[Annotated photo localization data]
++++++++++
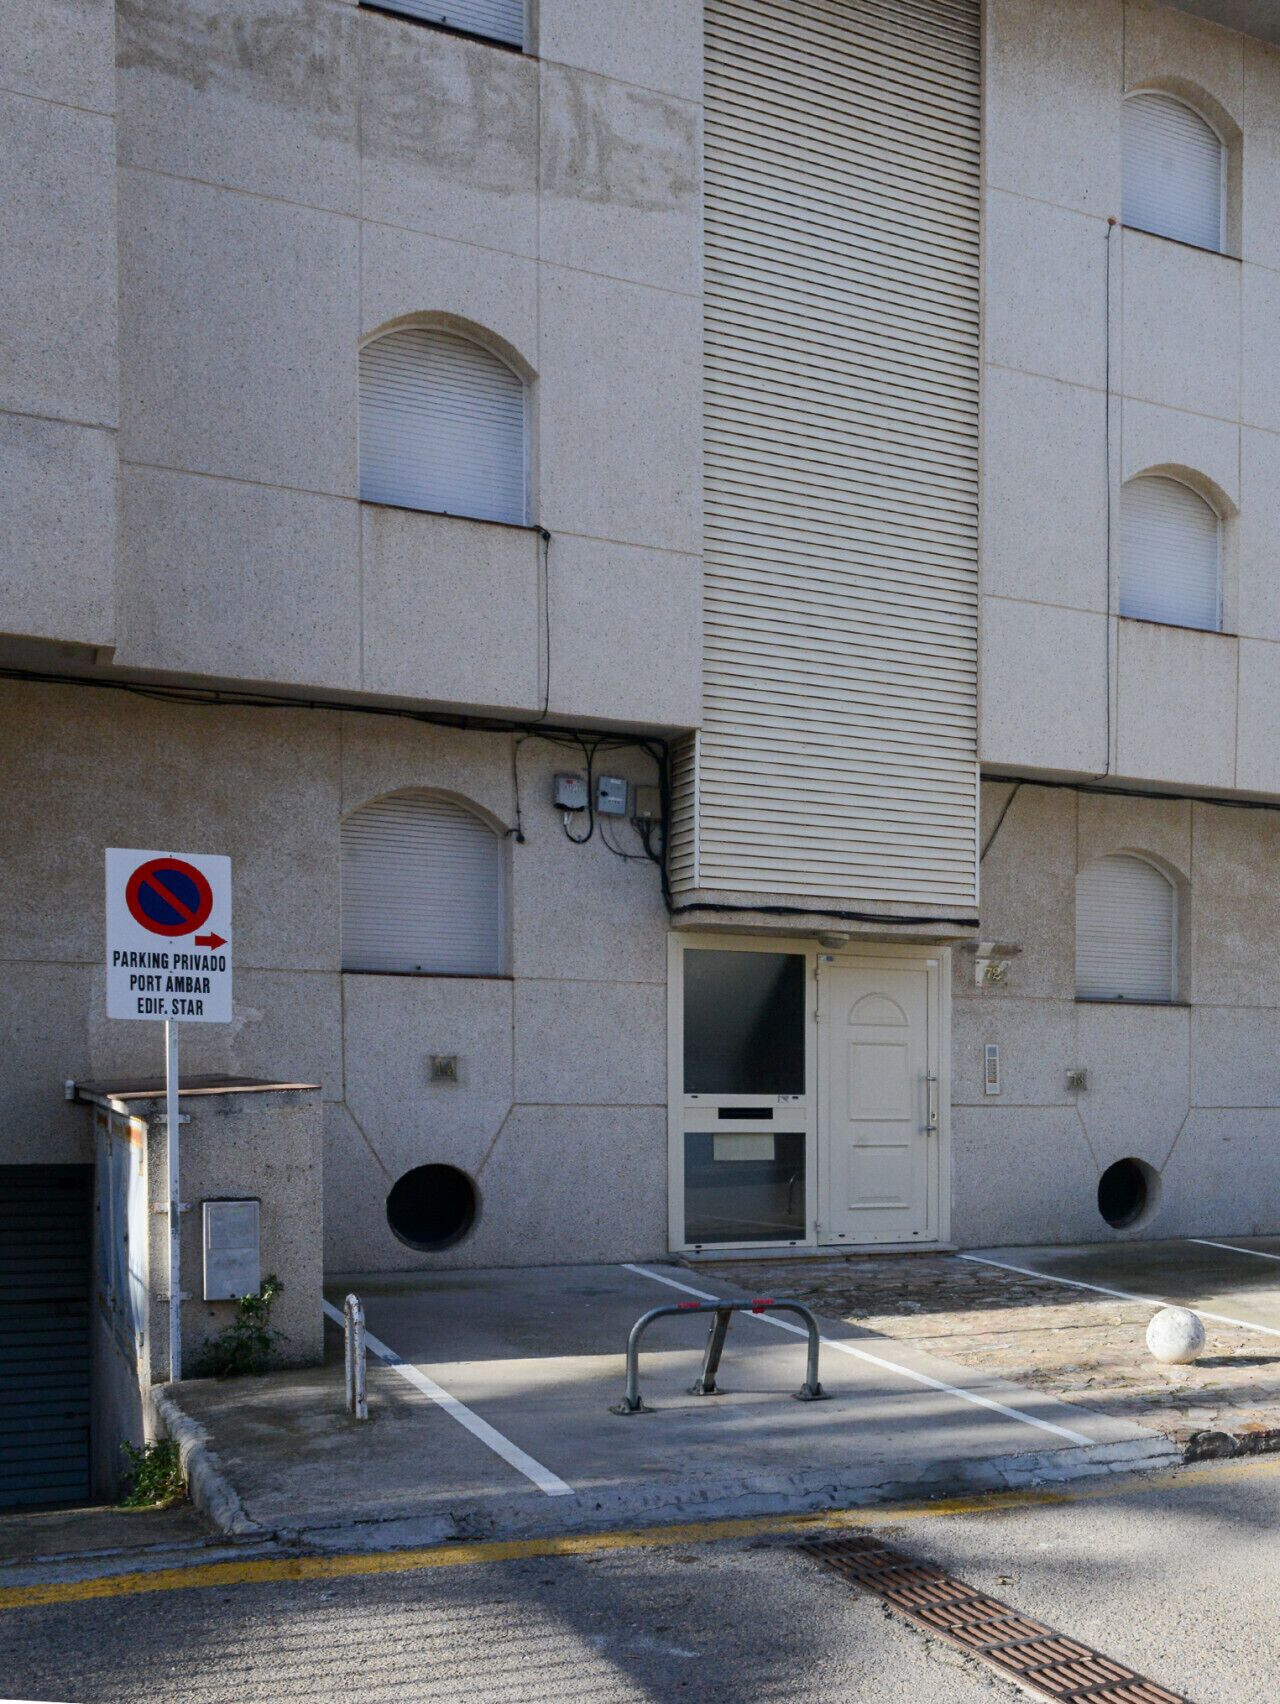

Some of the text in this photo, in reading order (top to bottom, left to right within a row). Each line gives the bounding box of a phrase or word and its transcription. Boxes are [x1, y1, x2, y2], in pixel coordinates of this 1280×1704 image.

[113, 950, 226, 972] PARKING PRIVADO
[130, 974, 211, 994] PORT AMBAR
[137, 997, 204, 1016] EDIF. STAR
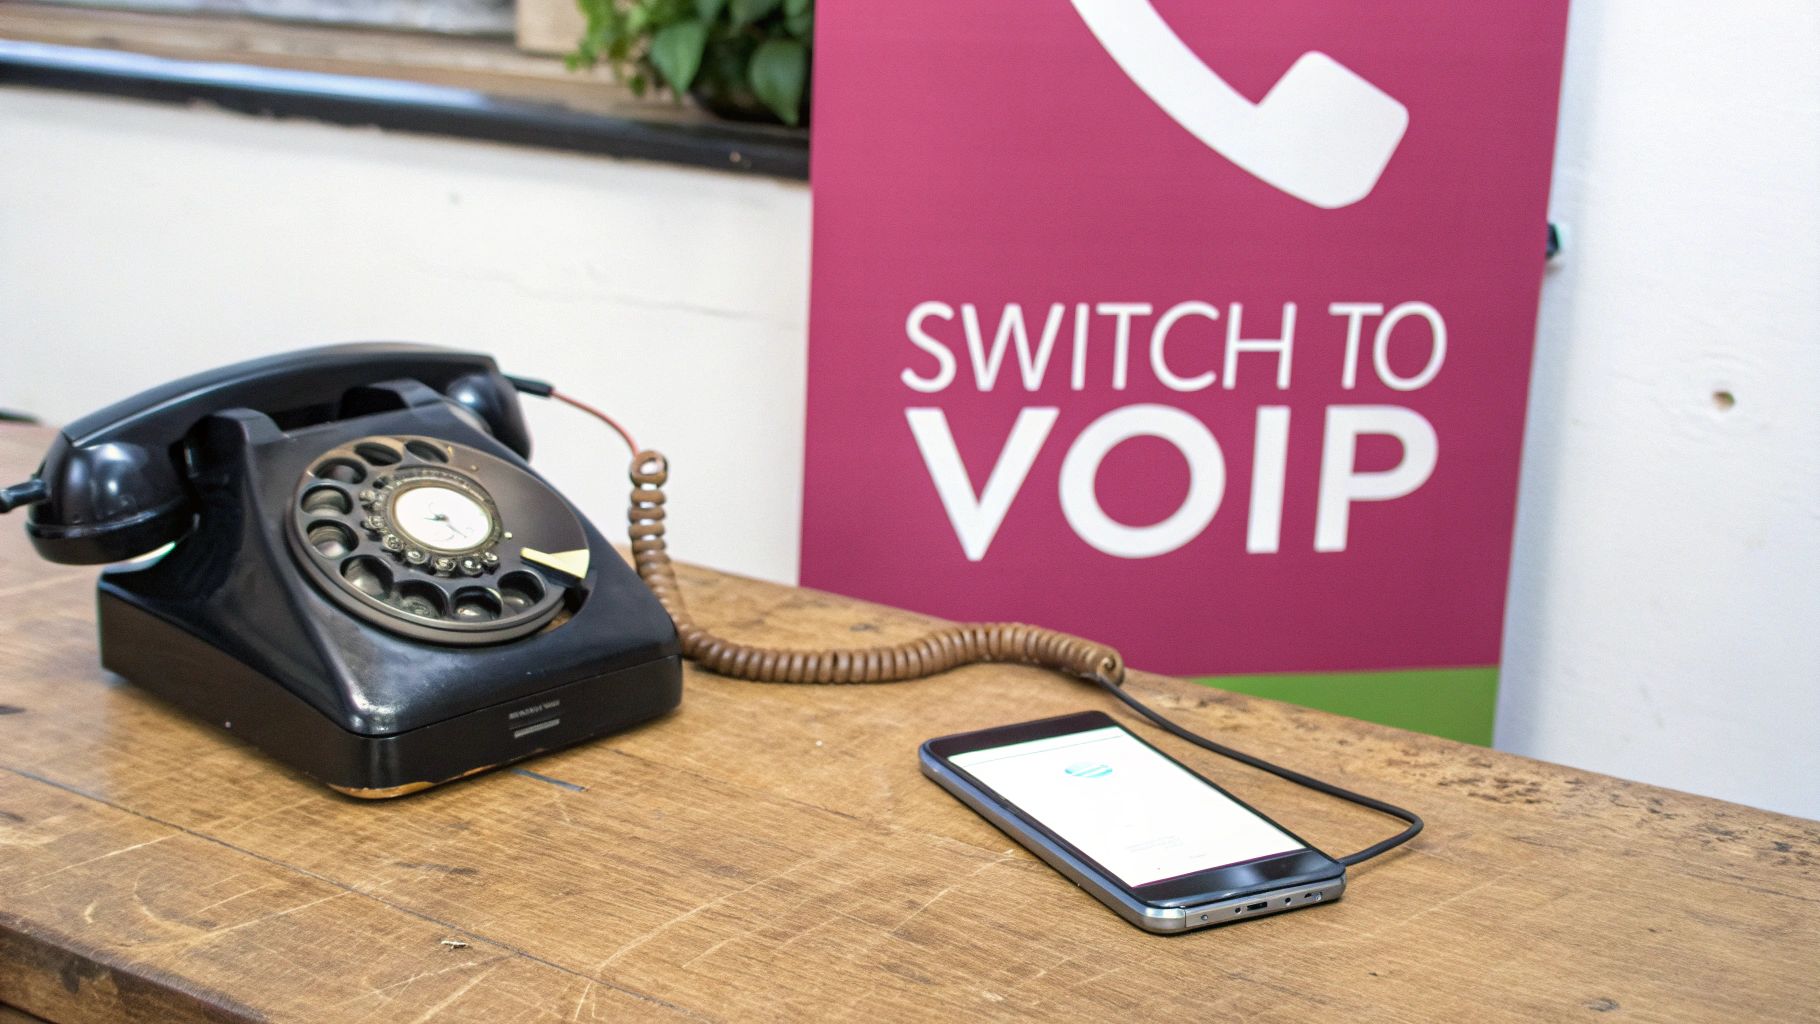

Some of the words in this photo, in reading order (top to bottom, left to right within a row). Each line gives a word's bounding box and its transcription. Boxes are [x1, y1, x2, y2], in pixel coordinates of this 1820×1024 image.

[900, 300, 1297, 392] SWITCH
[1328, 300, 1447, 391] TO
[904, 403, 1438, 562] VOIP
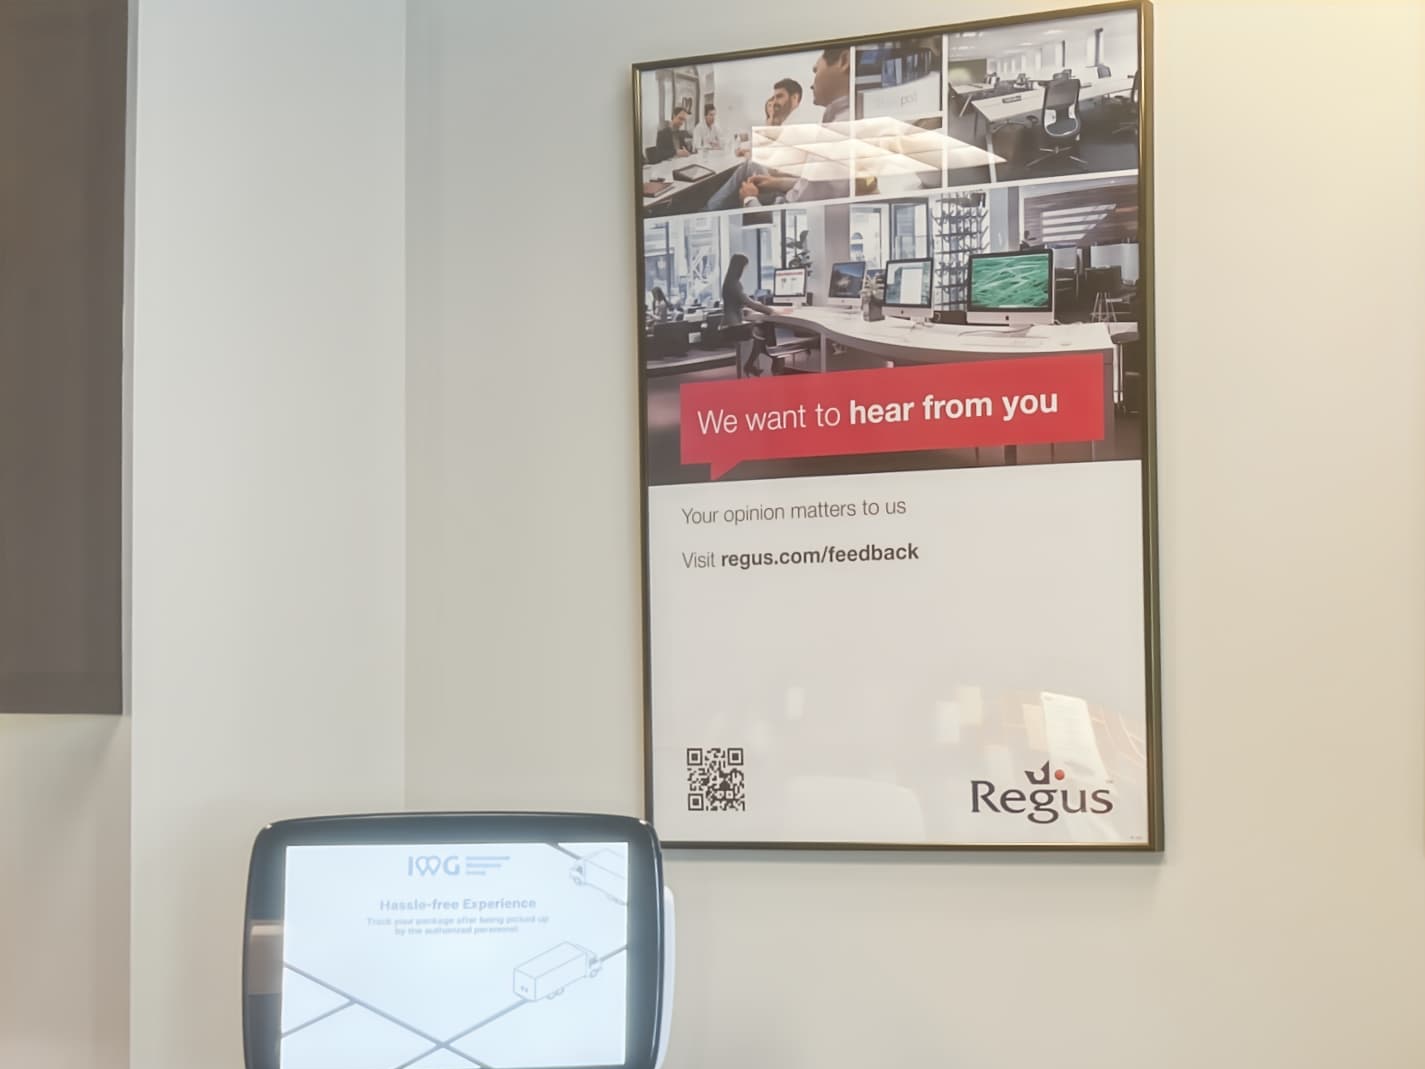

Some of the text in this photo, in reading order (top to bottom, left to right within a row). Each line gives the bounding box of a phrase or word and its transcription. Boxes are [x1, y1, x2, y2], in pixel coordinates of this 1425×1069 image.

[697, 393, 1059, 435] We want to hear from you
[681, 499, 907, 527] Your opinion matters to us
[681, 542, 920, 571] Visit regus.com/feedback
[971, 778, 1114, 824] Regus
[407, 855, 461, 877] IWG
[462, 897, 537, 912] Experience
++++++++++
The records above need to be given again exactly. Omit the pictures.

Some of the text in this photo, in reading order (top to bottom, left to right within a row). Each line gives the bounding box of a phrase or word and its transcription. Boxes are [x1, y1, x2, y2], in pixel coordinates of this 1280×1704 image.

[113, 950, 226, 972] PARKING PRIVADO
[130, 974, 211, 994] PORT AMBAR
[137, 997, 204, 1016] EDIF. STAR

Some of the words in this photo, in reading order (top to bottom, left to right within a row). Each line gives a word's bounding box and its transcription. Boxes are [x1, y1, x2, y2], in pixel coordinates of this 1820×1024 image.

[900, 300, 1297, 392] SWITCH
[1328, 300, 1447, 391] TO
[904, 403, 1438, 562] VOIP

Some of the text in this photo, in reading order (top to bottom, left to right within a row). Each line gives the bounding box of a phrase or word and its transcription. Boxes are [x1, y1, x2, y2], in pixel coordinates of this 1425×1069 image.

[697, 393, 1059, 435] We want to hear from you
[681, 499, 907, 527] Your opinion matters to us
[681, 542, 920, 571] Visit regus.com/feedback
[971, 778, 1114, 824] Regus
[407, 855, 461, 877] IWG
[462, 897, 537, 912] Experience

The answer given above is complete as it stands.